- Theatrical release poster
- Directed by: R. G. Springsteen
- Screenplay by: Robert Creighton Williams
- Based on: Louis L'Amour (based on the novel by)
- Produced by: Gordon Kay
- Starring: Tony Young Dan Duryea Dick Foran Elsa Cárdenas Jean Hale
- Cinematography: William Margulies
- Edited by: Tony Martinelli
- Music by: Herman Stein
- Color process: Technicolor
- Production companies: Gordon Kay & Associates
- Distributed by: Universal Pictures
- Release dates: December 24, 1964 (New York City); February 1, 1965 (United States);
- Running time: 85 minutes
- Country: United States
- Language: English

= Taggart (film) =

1964 film by R. G. Springsteen

Taggart is a 1964 American Western film directed by R. G. Springsteen and starring Tony Young and Dan Duryea. It was the film debut of David Carradine.

==Plot==
Just arriving at their newly bought land, Kent Taggart's family has their cattle stampeded and they are murdered by Ben Blazer and his son. Blazer is seriously wounded. Later in a fair gunfight Kent kills Blazer's son. With his last breath, Blazer sends three gunfighters to find and kill Kent: Vince August, Cal Dodge, and Jay Jason, who is a particularly talkative and vicious killer.

In his escape, Taggart heads towards territory that has fallen into Apache hands, followed by the gunfighters. In a semi-abandoned town, Taggart helps a lady in trouble at a saloon, getting in return the help of her and the bartender. Caught by the gunfighters, he manages to kill Cal and flee.

Later, he finds a couple who are fighting with Apaches. Taggart joins them, and also the gunfighters do. Vince is wounded, and Jay disarms Taggart. The couple helps him to escape.

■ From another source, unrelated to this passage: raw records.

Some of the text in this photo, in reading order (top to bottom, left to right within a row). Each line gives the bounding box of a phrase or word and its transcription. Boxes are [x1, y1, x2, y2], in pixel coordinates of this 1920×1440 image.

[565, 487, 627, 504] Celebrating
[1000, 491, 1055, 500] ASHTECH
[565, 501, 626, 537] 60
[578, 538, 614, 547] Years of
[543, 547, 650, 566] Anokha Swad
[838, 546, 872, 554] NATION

With no horse or gun, Taggart hides in a rocky hill, where he gets caught by an old man, Adam Stark, and his daughter Miriam. They take him to their dwelling, where there is another young woman, Adam's wife Consuela.

They treat him as a dangerous prisoner, but later that night, Consuela visits him and makes unequivocal advances, promising Taggart riches and happiness if he takes her away from that place. They are surprised by Miriam, who stops the offering and the women have an angry exchange, but as has happened before, Miriam won't tell her father what his wife is doing.

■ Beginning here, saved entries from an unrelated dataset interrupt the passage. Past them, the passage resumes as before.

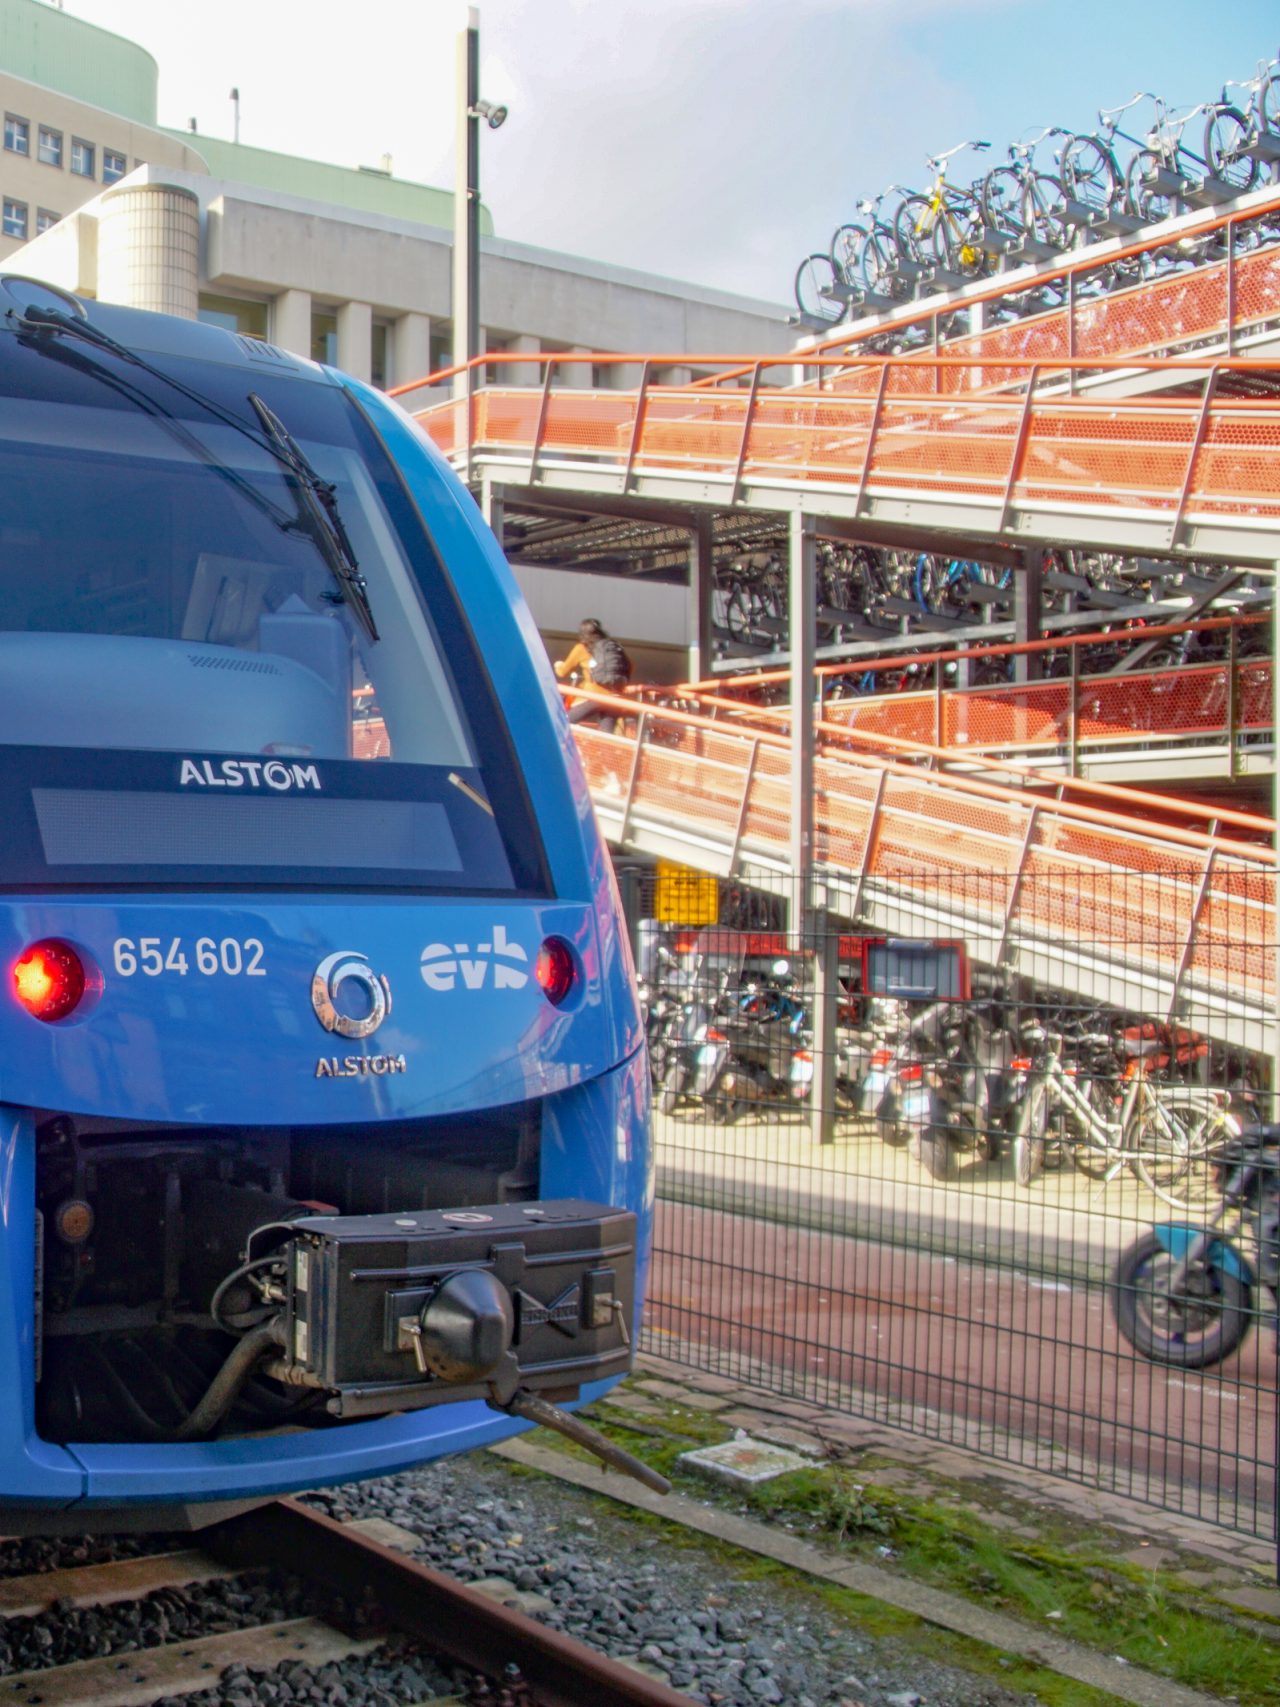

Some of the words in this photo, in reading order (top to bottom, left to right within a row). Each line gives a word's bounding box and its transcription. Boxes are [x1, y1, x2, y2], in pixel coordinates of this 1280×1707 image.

[180, 759, 322, 791] ALSTOM
[113, 937, 189, 977] 654
[195, 936, 267, 976] 602
[420, 925, 529, 992] evb
[315, 1054, 407, 1078] ALSTOM

The next day, when Taggart is escaping, he saves Stark's life from an Apache attack. Stark changes his mind about him, and shows Taggart the reason why they haven't left: a gold mine in the property. Stark fills a couple of bags with gold rocks and prepares to leave, before the next Apache attack.

Meanwhile, Jay has killed Vince because he had become a hindrance, so he arrives alone at the Stark place. Taggart explains he is a hired killer, and Jay explains he is pursuing a murderer. The Starks favor Taggart over Jay.

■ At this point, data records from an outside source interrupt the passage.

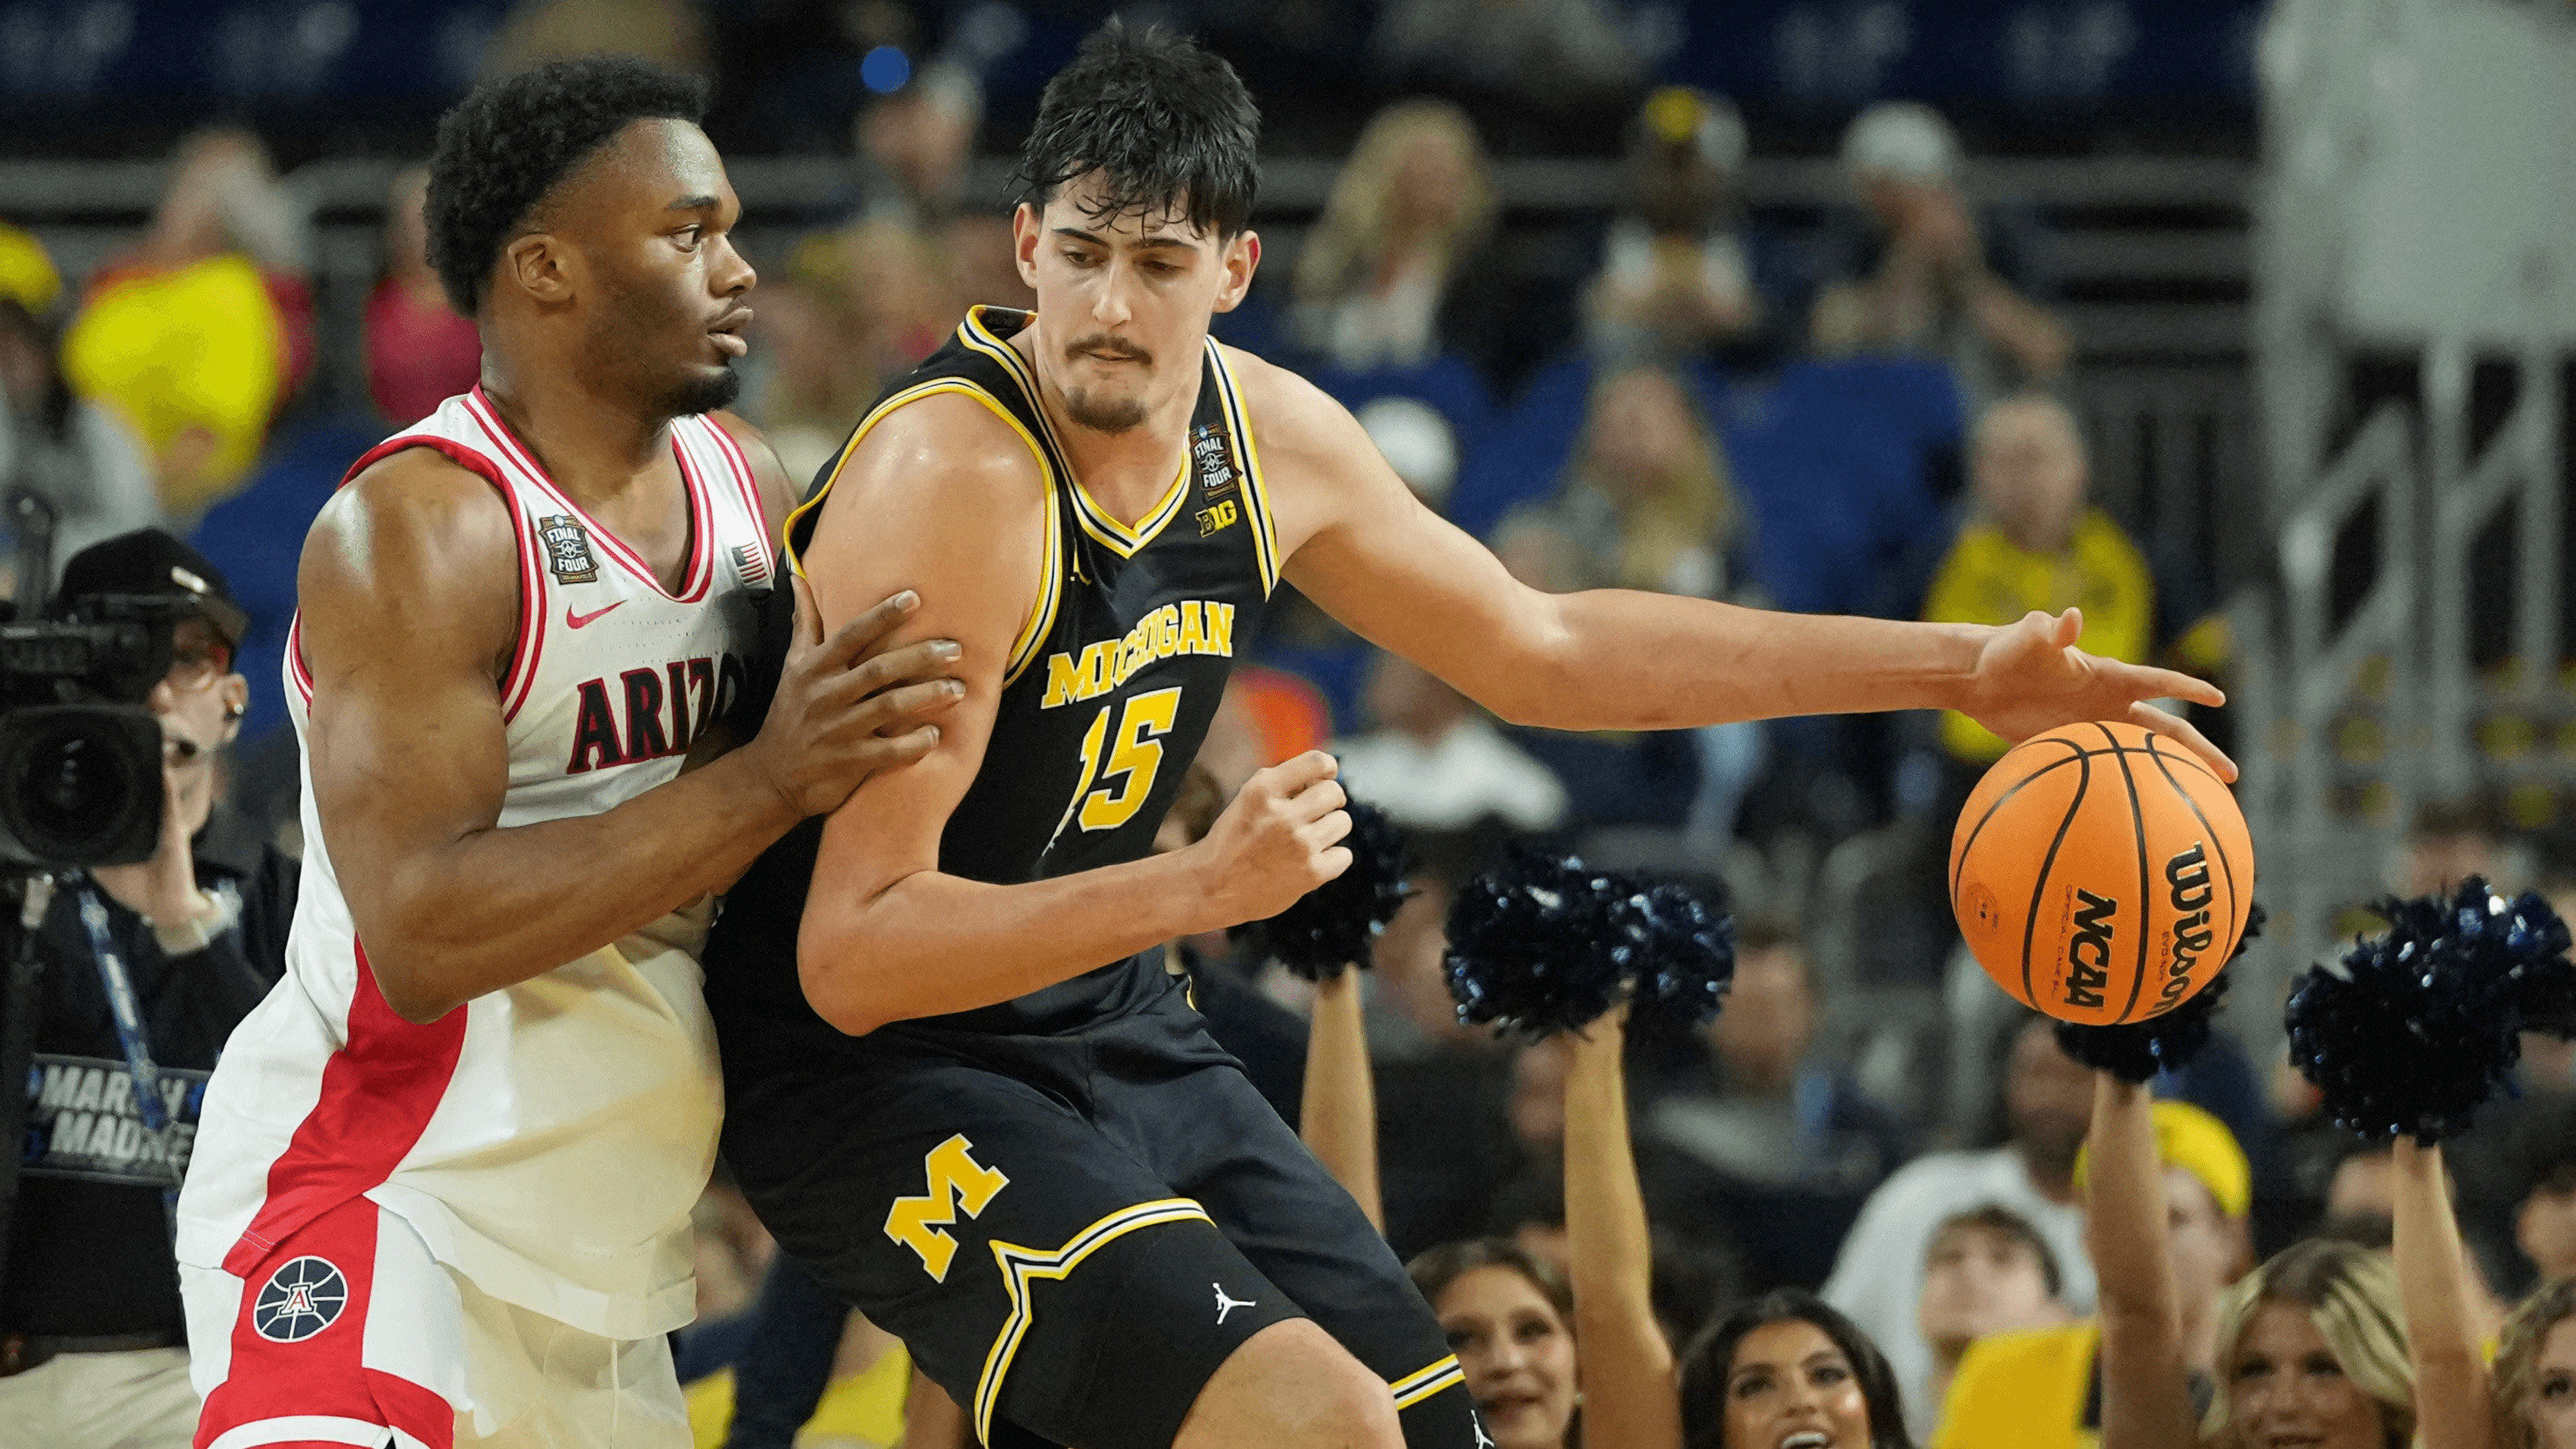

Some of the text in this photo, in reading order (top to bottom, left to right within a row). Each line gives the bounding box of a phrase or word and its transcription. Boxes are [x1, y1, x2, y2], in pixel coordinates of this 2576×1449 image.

[1194, 437, 1224, 459] FINAL
[1202, 466, 1233, 488] FOUR
[546, 527, 582, 543] FINAL
[557, 556, 590, 572] FOUR
[1040, 600, 1235, 710] MICHIGAN
[1042, 686, 1183, 855] 15
[2063, 886, 2118, 1009] NCAA
[2142, 839, 2214, 1016] Wilson
[40, 1064, 188, 1120] MARH
[883, 1132, 1011, 1284] M
[278, 1282, 318, 1319] A

Later that night, Consuela visits Jay and makes unequivocal advances, promising him riches and happiness if he takes her away from that place. Jay is happy to oblige. Another Apache attack happens and Stark results wounded. Jay and Consuela escape with the gold; the Starks head to a fort, with Taggart ahead as a scout.

Jay and Consuela meet a cavalry supply convoy and join them for protection. While they are traveling in one of the Cavalry wagons, Consuela tells Jay she has changed her mind and wants to leave him. Jay attacks her, leaves her for dead, gets the gold, horses and manages to escape moments before the Apache surround and destroy the Cavalry convoy.

Jay arrives at the fort and asks for new horses to keep running. The officer in command asks whether he has seen the reinforcements they are expecting, and Jay says he hasn't seen anything but the destroyed convoy. The officer orders Jay to stay and fight. Taggart passes by the rest of the convoy, reunites with the Starks, and later they arrive at the same fort.

And so, Taggart, the Starks and the soldiers must defend themselves from a fierce Apache attack while hoping for reinforcements and Jay is trying to escape with the gold before Taggart sees him.